If the part you're optimizing currently is not where the bottleneck is located, all your efforts would go in vain. If your application is not CPU-bound for instance, reducing number of batches per frame won't help at all.

So, the key to the wonderland is:
Quote:
FIRST locate the bottleneck, THEN try to optimize it. This won't totally remove the bottleneck. It simply moves the bottleneck to another part of your application and boost your performance to some extent. Relocate the bottleneck, then optimize it again. Do this as many times as you need until you reach the sweet spot. You may then exploit the idle time in other stages and complicate those stages for free!

PROFILE and OPTIMIZE

I'm all for general profiling, trouble is I don't know how to do it properly anymore.

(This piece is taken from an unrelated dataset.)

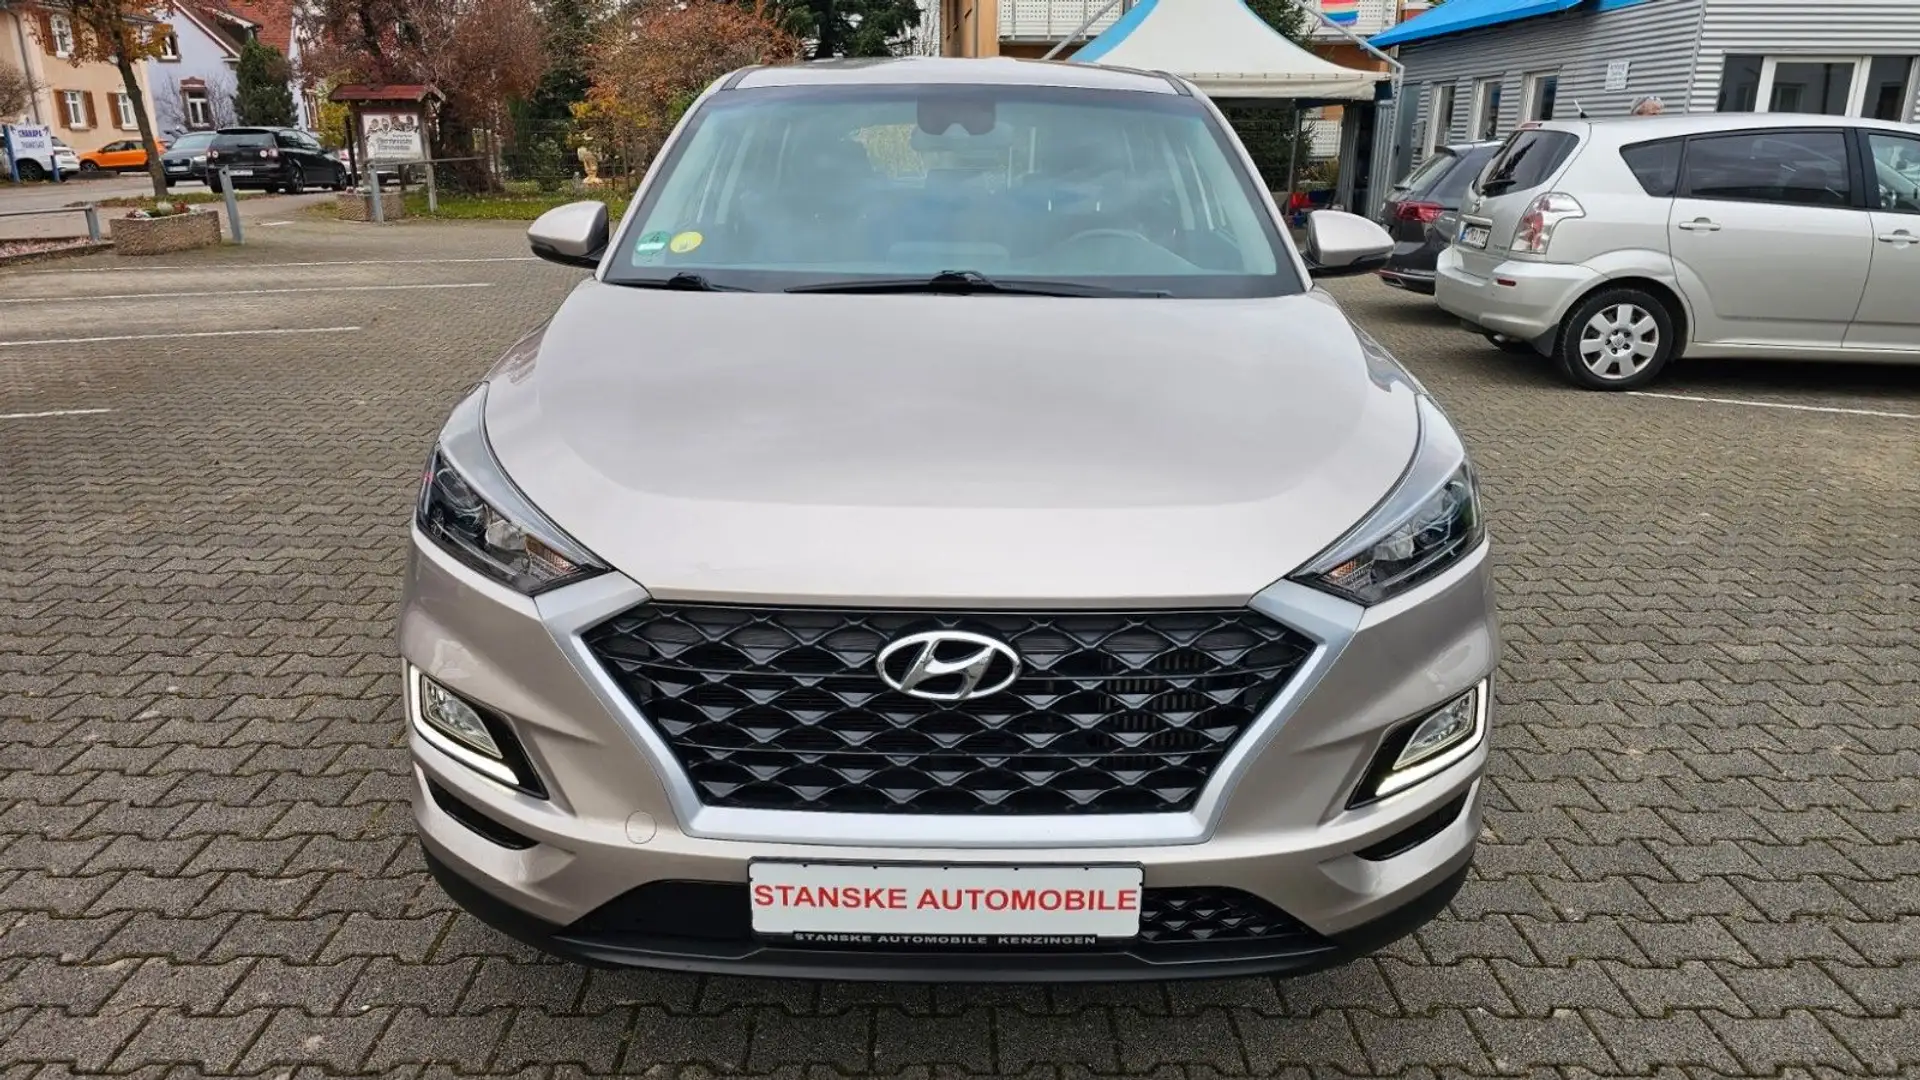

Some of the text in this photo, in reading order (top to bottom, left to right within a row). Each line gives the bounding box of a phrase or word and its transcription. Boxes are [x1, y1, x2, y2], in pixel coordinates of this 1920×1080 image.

[754, 885, 1138, 911] STANSKE AUTOMOBILE
[794, 933, 1096, 945] STANSKE AUTOMOBILE KENZINGEN

My feelings about VTune are expressed quite concisely elsewhere, but I don't know what other products are available that actually work. I used metrowerks CATS a long time ago but it seems to be discontinued. Dev no longer has it's simple one built in.

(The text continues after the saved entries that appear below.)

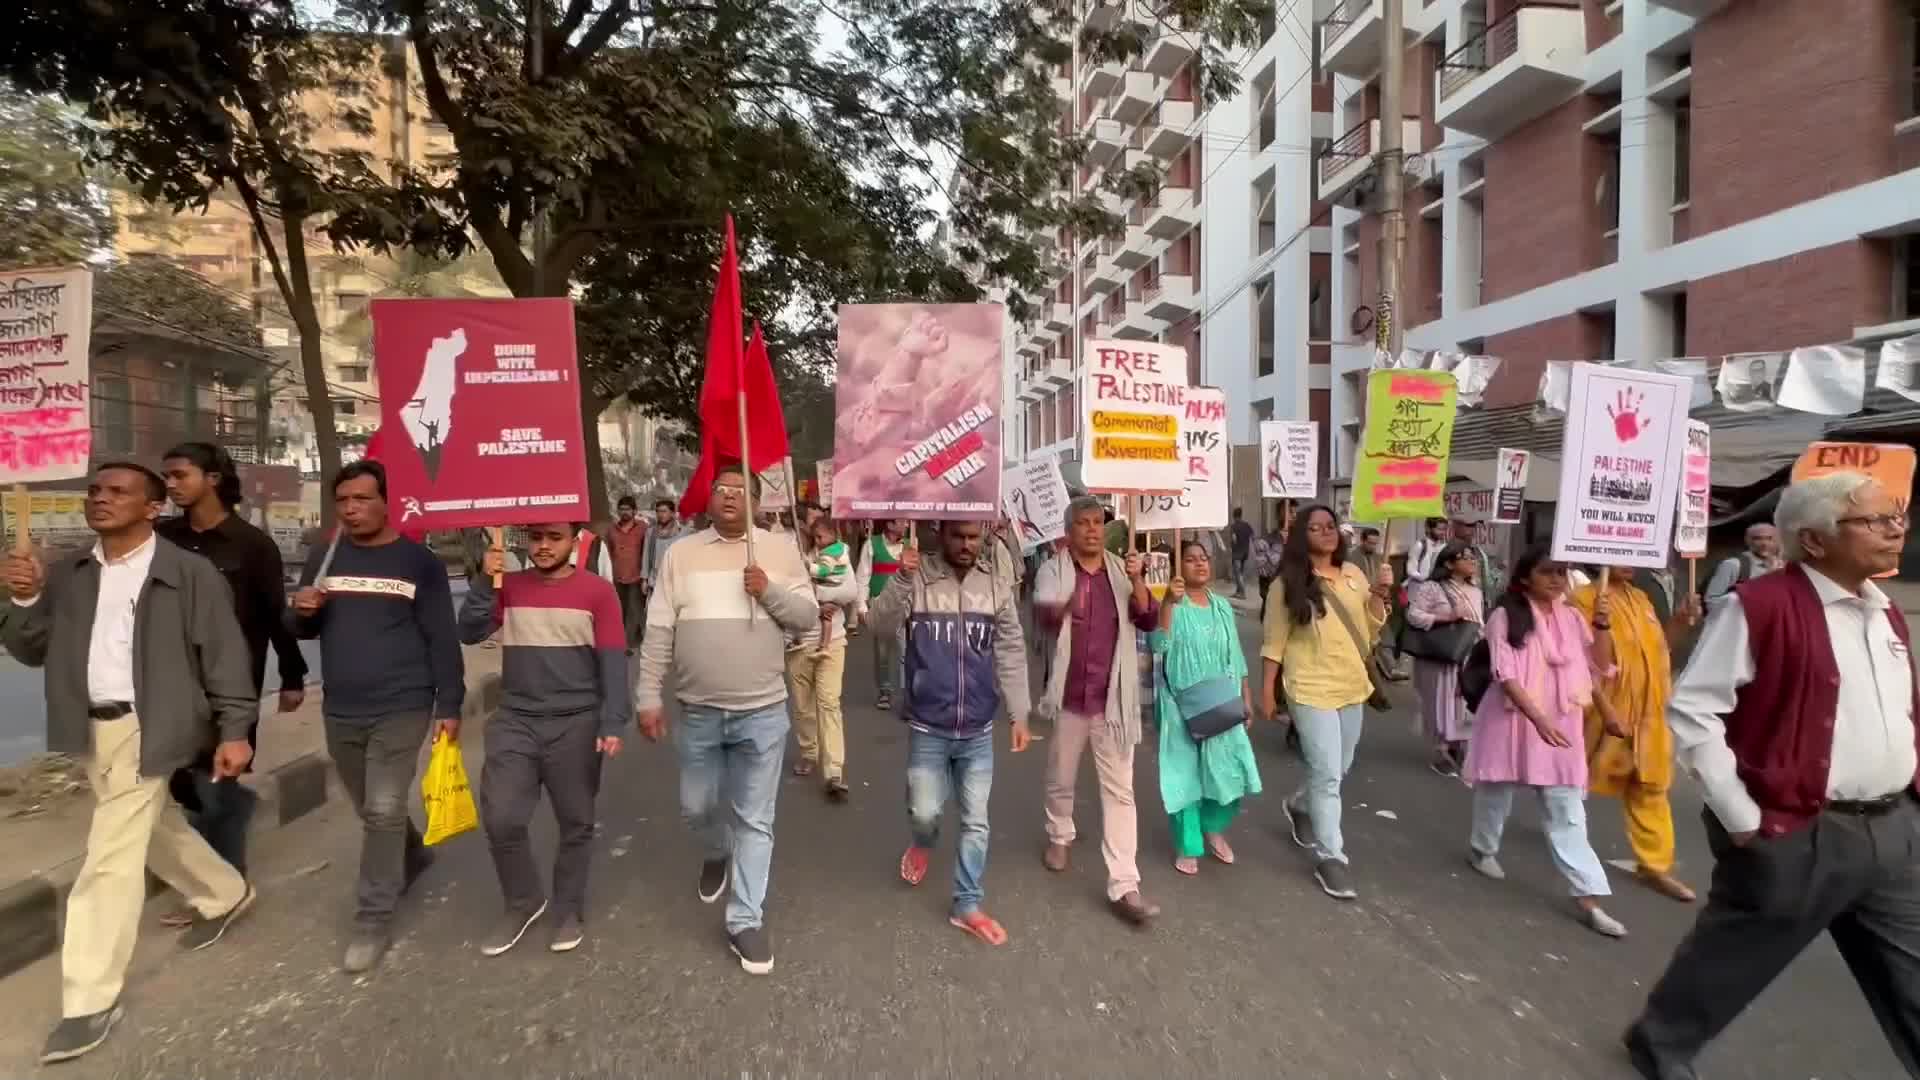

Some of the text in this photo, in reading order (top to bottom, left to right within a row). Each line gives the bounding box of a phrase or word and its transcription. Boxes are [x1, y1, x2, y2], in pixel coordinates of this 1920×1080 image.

[496, 358, 536, 369] WITH
[1095, 348, 1161, 377] FREE
[1093, 411, 1171, 432] Communist
[501, 428, 543, 441] SAVE
[895, 401, 994, 477] CAPITALISM
[477, 440, 567, 456] PALESTINE
[1096, 437, 1181, 460] Movement
[1816, 445, 1881, 468] END
[943, 453, 987, 488] WAR
[1593, 455, 1654, 475] PALESTINE
[1580, 508, 1656, 524] YOU WILL NEVER
[1587, 524, 1645, 538] WALK ALONE

PIX on 360 is okay, but the bottlenecks on that beast are in totally different places so I've gone as far as I can with that. The PC version of PIX is grim by comparison and doesn't seem to show much about system-wide clashes and bottlenecks.

I'm currently downloading the Beta of ATIs perfhud equivalent. Hopefully that'll give me some insight, but my download seems to be running at a byte an hour so who knows....

I do strongly suspect I'm CPU bound. I'm using a lot of it for my game (it has a simple fluid dynamics system in it), and turning off rendering completely makes it fly. I have about 250 smallish batches to draw 80K polys, all of which are single pass. I wouldn't expect this to be bound by anything tbh - have we gone backwards ?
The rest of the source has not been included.